For a given piece of functionality we write an executable acceptance test in human readable form (for web projects we typically use some domain-specific extensions to selenium, for services we have used FIT and it’s ilk, sometimes we roll our own if there’s nothing expressive enough available). We run it against a deployed version of the application (usually local though not always) which typically has a running web/application server and database. The test fails. We determine what endpoint needs to be created/enhanced and then we switch context down into unit-test land. A typical scenario would involve enhancing a unit test for the url mappings, adding one for the controller, then one for any additional service, domain object etc. When we’re happy and have tested and designed each of the required units we jump back up a level and get our acceptance test to progress further. The customer steers the development effort as he sees vertical ‘slices’ of functionality emerge. The acceptance test is added to a suite for that functional area. The continuous build system will then execute that test against a fully deployed (but scaled down) replica of the production environment, with hardware load balancer, vlans, multiple nodes (session affinity) and so forth. Any additional environmental monitoring (e.g. nagios alerting) is also done as part of this development effort and is deployed into the test environment along with the updated code.

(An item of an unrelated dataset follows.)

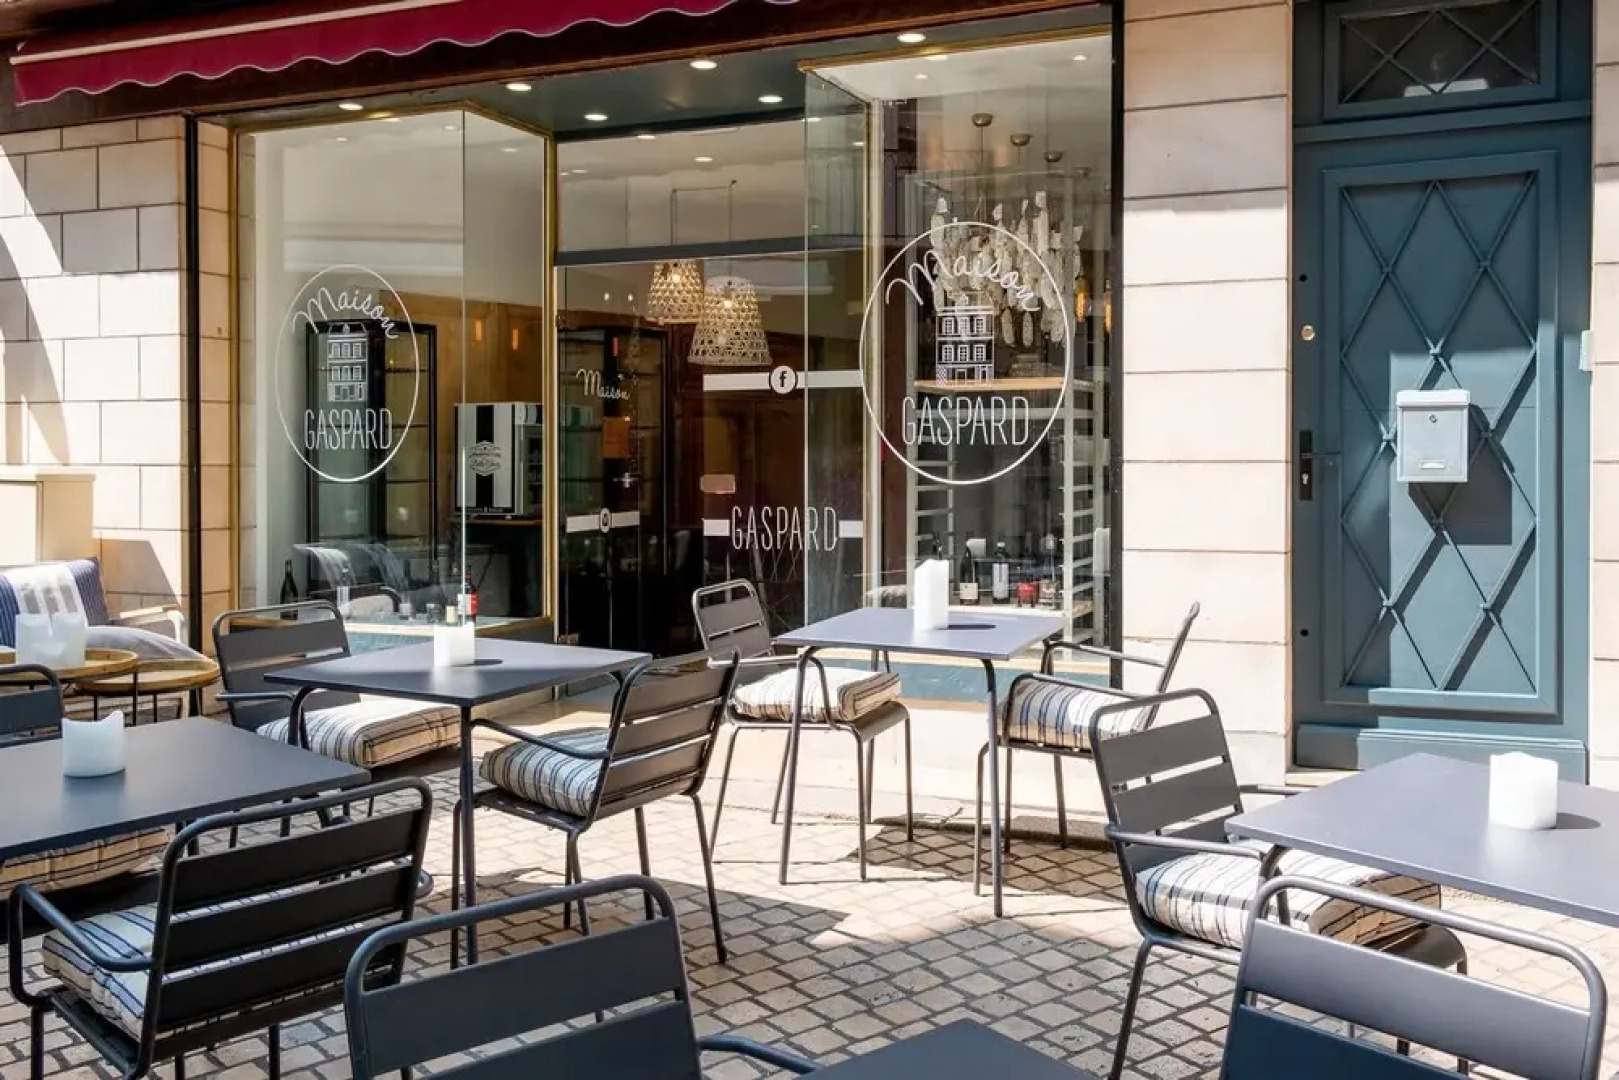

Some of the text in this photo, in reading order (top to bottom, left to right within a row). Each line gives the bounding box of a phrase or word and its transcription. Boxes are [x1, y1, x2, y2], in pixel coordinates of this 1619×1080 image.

Setting up the infrastructure to do this kind of testing takes investment, both initial and ongoing. The continuous build needs to be highly ‘parallelized’ so you get feedback from a checkin in 10 mins or less (we’re heavy users of virtualization, usually VMWare or OpenVZ). The individual acceptance test suites need to be kept small enough to run quickly before check-in.

Benefits of this approach
* The continuous context-switch between acceptance test and unit test is key to our staying focused on delivering what the customer actually wants.
* The customer has multiple feedback points that he can learn from and use to steer the development effort.
* It confirms that the whole system works together – networking, DNS, load balancing, automated deployment, session handling, database replication etc.
* We create additional ‘non-functional’ acceptance tests that automatically exercise other aspects of the system such as fail-over and recovery.
* Upgrades to parts of the system (switches, load balancers, web caches, library versions, database server versions etc.) can be tested in a known and controlled way.

We’ve caught a number of integration-related issues using this approach (a few examples: broken database failover due to missing primary keys, captcha validation not working due to a web cache not behaving correctly, data not persisting because one database server had the wrong locale) and stopped them before they have reached our users. We have used the feedback as a basis for improving our products and their delivery at a system level.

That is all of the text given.